▸ **Requirement**
Output the data word for word, dropping every image.

▸ **Records for this task**

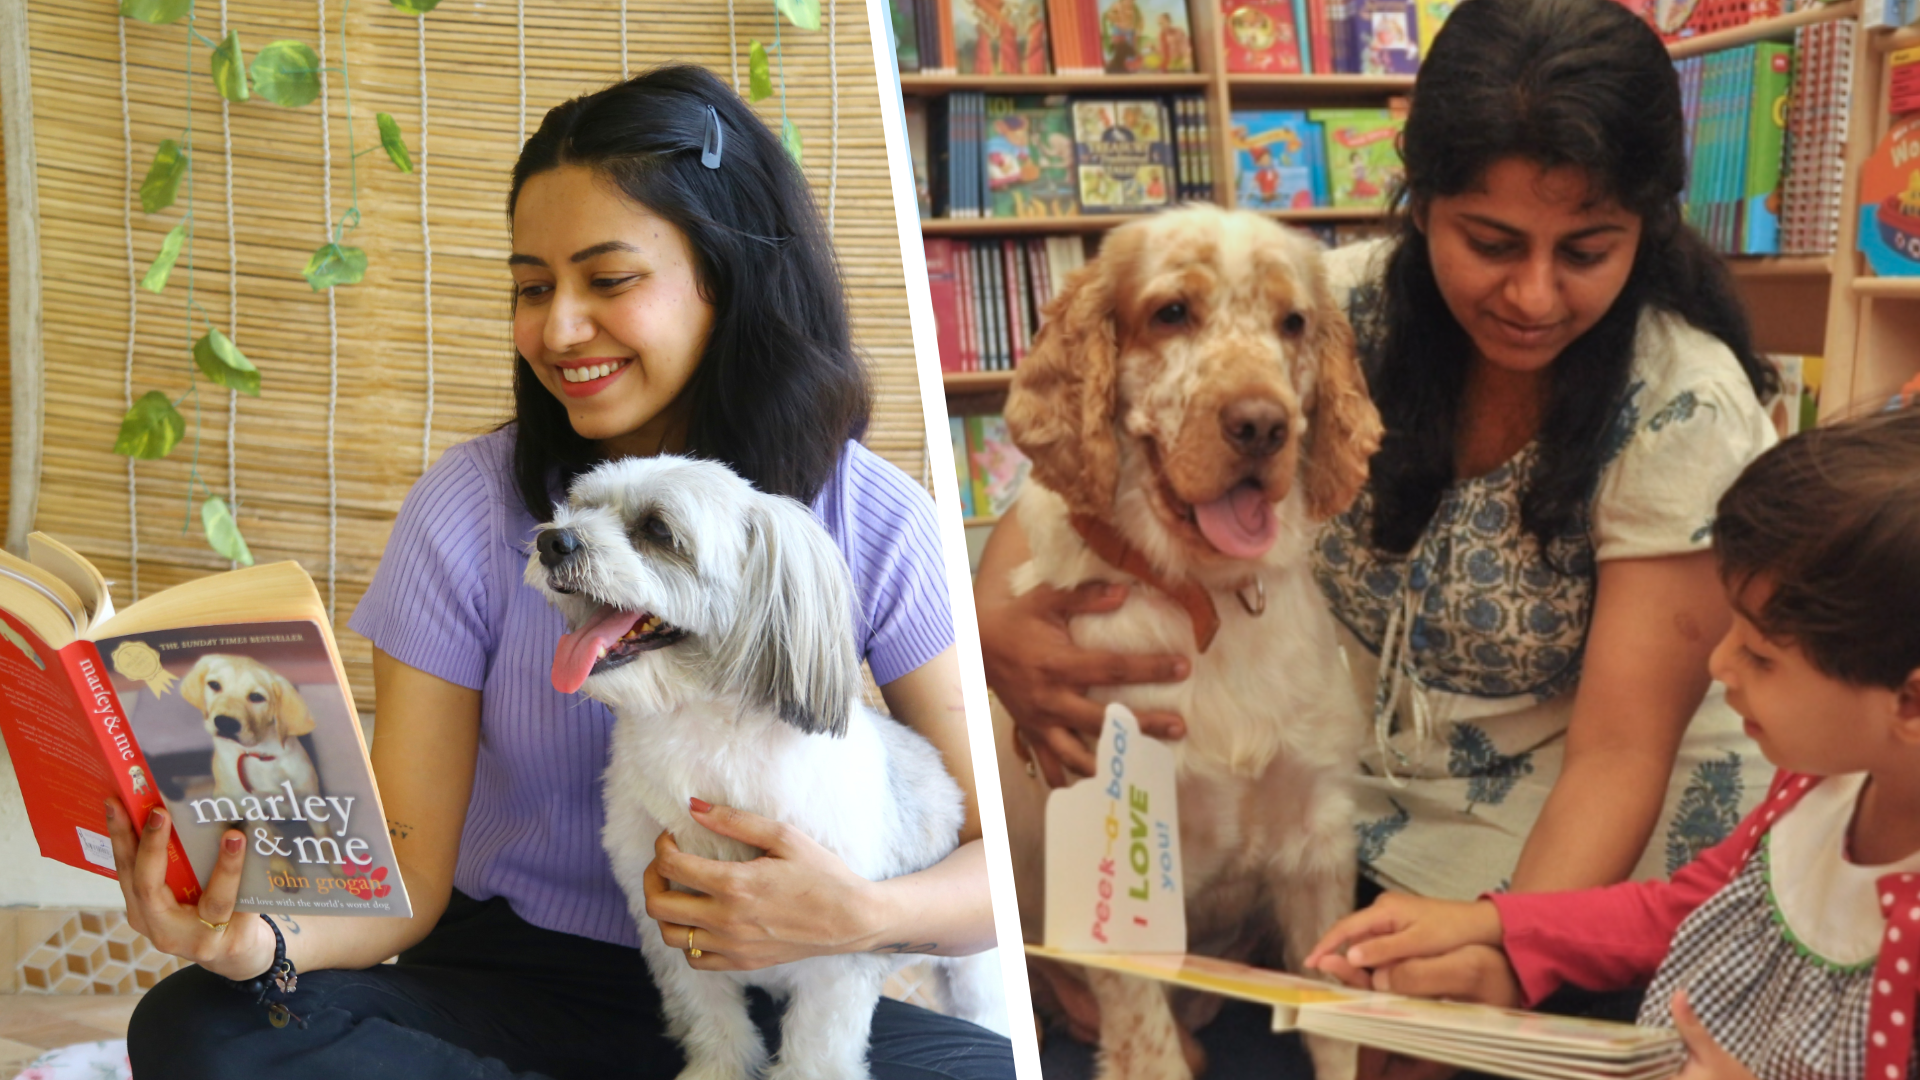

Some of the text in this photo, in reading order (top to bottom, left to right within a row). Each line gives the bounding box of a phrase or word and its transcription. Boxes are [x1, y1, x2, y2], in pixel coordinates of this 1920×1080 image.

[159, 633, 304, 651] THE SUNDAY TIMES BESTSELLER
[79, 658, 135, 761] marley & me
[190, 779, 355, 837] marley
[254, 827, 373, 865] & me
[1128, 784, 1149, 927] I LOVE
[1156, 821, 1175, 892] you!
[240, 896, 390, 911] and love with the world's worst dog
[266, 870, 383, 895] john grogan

▸ **Task result**
Some of the text in this photo, in reading order (top to bottom, left to right within a row). Each line gives the bounding box of a phrase or word and its transcription. Boxes are [x1, y1, x2, y2], in pixel coordinates of this 1920×1080 image.

[159, 633, 304, 651] THE SUNDAY TIMES BESTSELLER
[79, 658, 135, 761] marley & me
[190, 779, 355, 837] marley
[254, 827, 373, 865] & me
[1128, 784, 1149, 927] I LOVE
[1156, 821, 1175, 892] you!
[240, 896, 390, 911] and love with the world's worst dog
[266, 870, 383, 895] john grogan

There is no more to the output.